Machine learning aided inverse design for vector modes-based weak-coupling few-mode fiber

Abstract

The vector modes (VMs) are the eigenstate modes of the optical fiber, which can be degenerated into linearly polarized (LP) modes. VMs-based weak-coupling few-mode fiber (FMF) has more advantages in communication systems and the design of these fibers is also more difficult. In this work, we present an inverse design method for VMs-based weak-coupling FMF with machine learning (ML) algorithms. The artificial neural network (ANN) and random forest (RF) are applied separately in the process of inverse designing.
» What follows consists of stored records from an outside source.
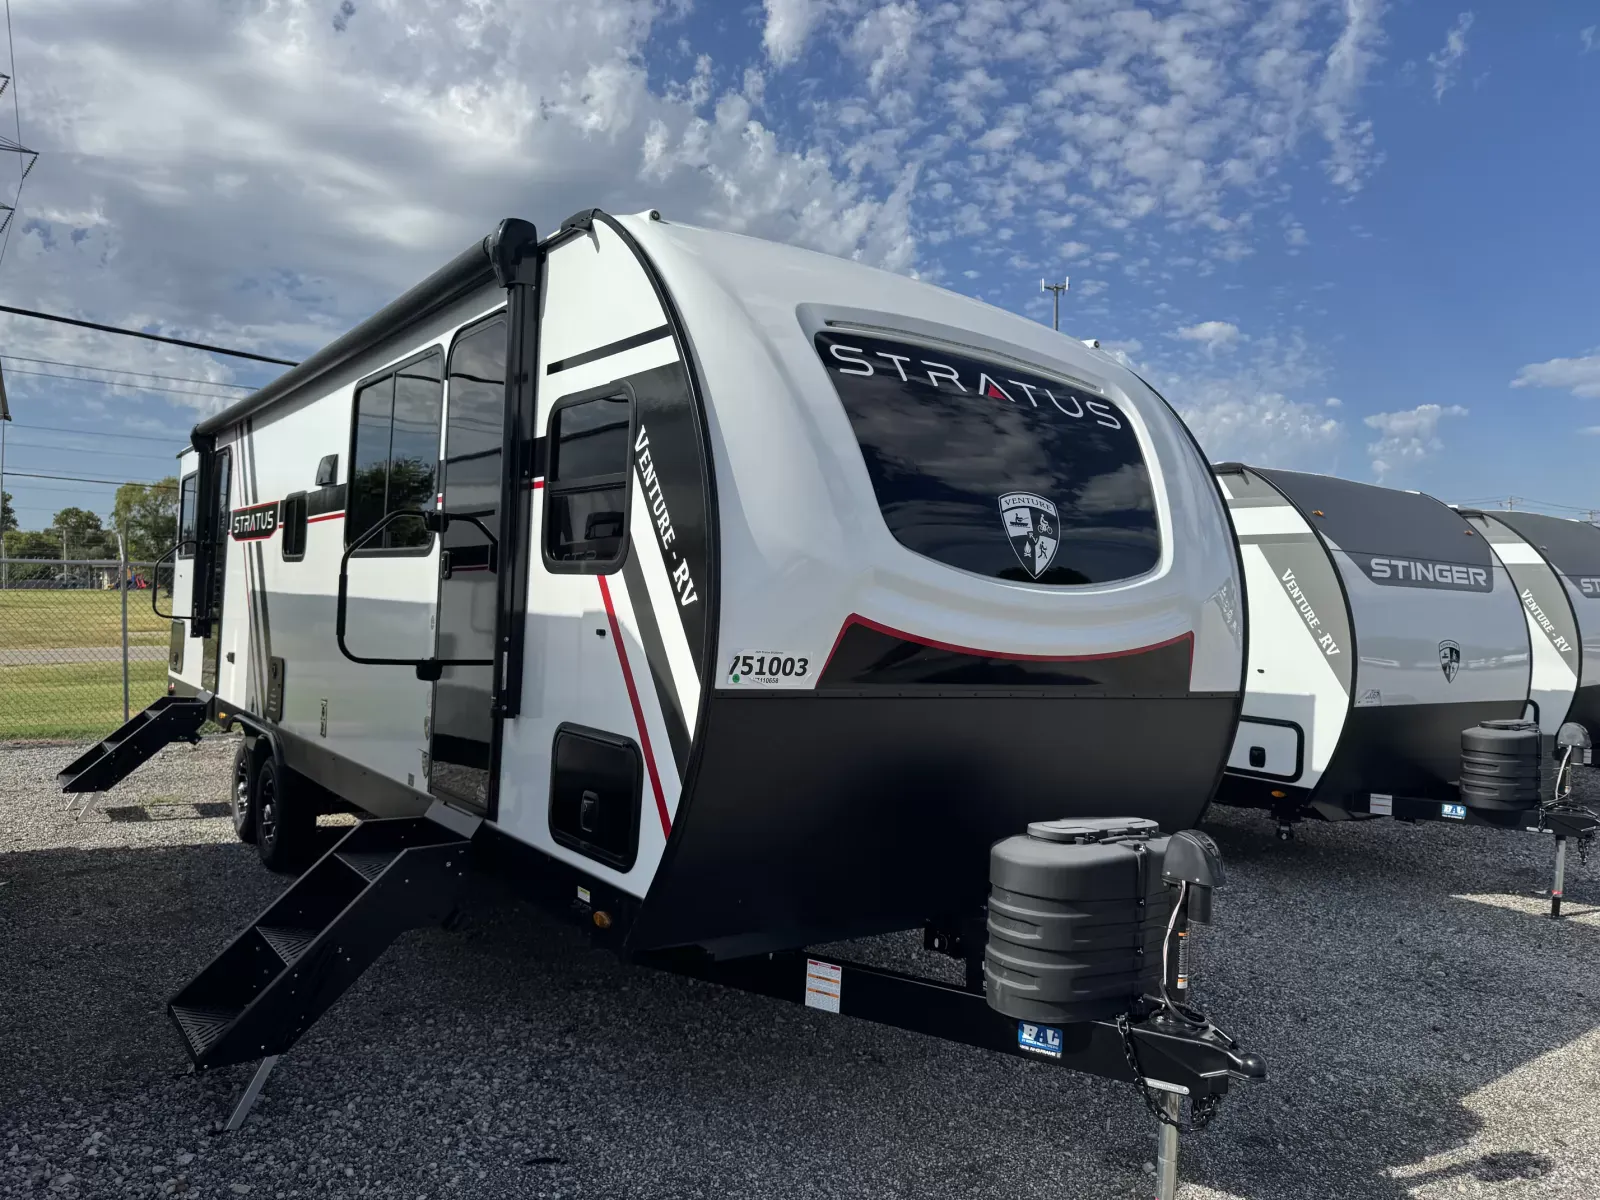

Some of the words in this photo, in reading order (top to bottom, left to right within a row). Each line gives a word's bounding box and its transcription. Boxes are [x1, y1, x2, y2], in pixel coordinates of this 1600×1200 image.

[829, 343, 1122, 431] STRATUS
[233, 510, 275, 534] STRATUS
[634, 424, 676, 550] VENTURE
[672, 558, 699, 608] RV
[1004, 497, 1053, 512] VENTURE
[1370, 557, 1488, 587] STINGER
[1280, 567, 1321, 630] VENTURE
[1319, 632, 1341, 657] RV
[1521, 588, 1556, 636] VENTURE
[1553, 634, 1572, 653] RV
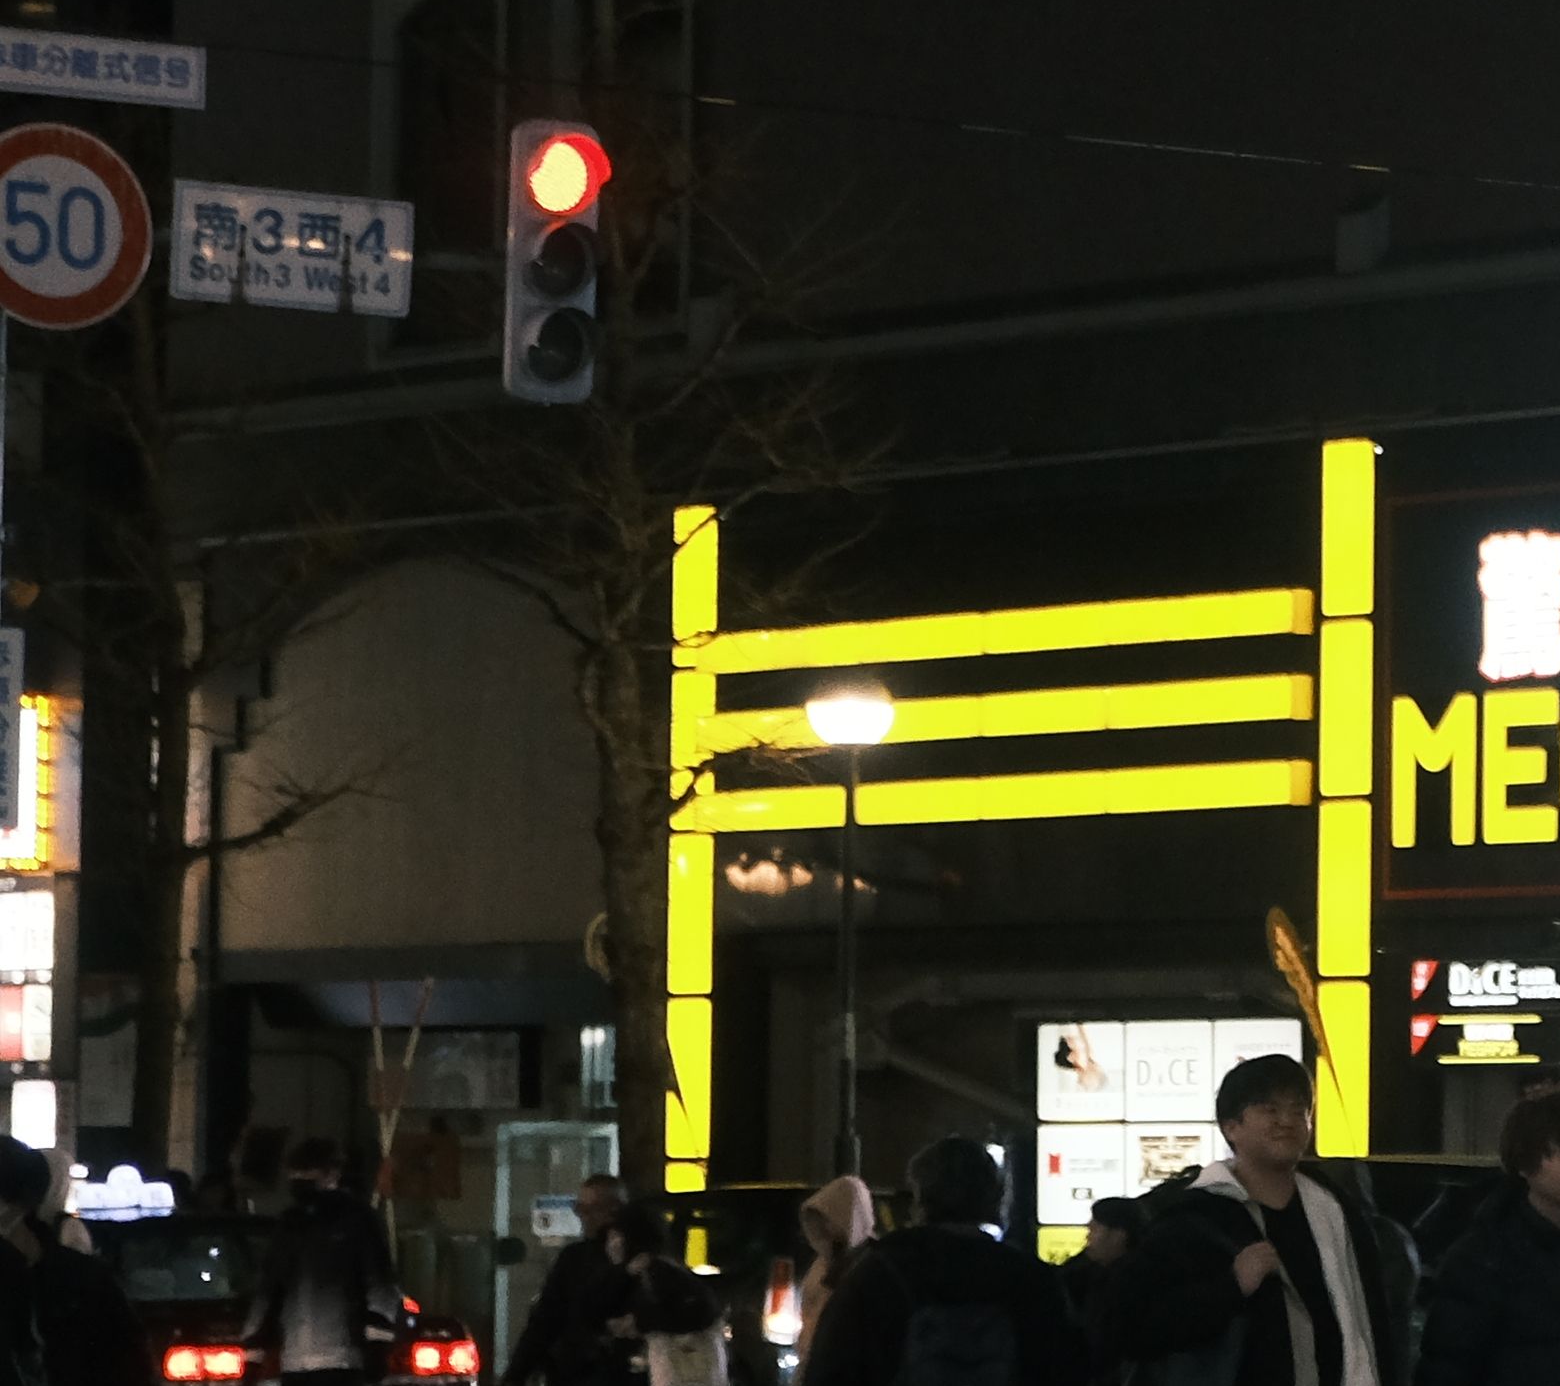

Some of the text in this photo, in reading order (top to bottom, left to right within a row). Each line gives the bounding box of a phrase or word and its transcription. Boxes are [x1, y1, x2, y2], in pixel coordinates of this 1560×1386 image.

[3, 180, 106, 270] 50
[194, 202, 386, 265] 南3西4
[273, 264, 291, 289] 3
[374, 272, 391, 296] 4
The lowest prediction accuracy of the two algorithms is 0.99360 and 0.99200, respectively, which shows the excellent performance of these two ML algorithms and the ANN has higher prediction accuracy than RF. Meanwhile, the inversely designed few-mode fiber can realize the degenerative separation of vector modes in the second-order and third-order mode groups, and meet the performance requirements of weak-coupling FMFs. And we obtain the effect of fiber structural parameters on mode effective refractive index (Δneff) by using feature importance ranking. In addition, the performance of the above two algorithms and the traditional optimization algorithms (Particle swarm optimization algorithm and Genetic Algorithm) in the design of weak-coupling FMFs is compared and analyzed. The proposed ML-based method provides an efficient and accurate prediction of weak-coupling FMFs, which could be greatly applied in the field of the generation of vector beam and mode division multiplexing.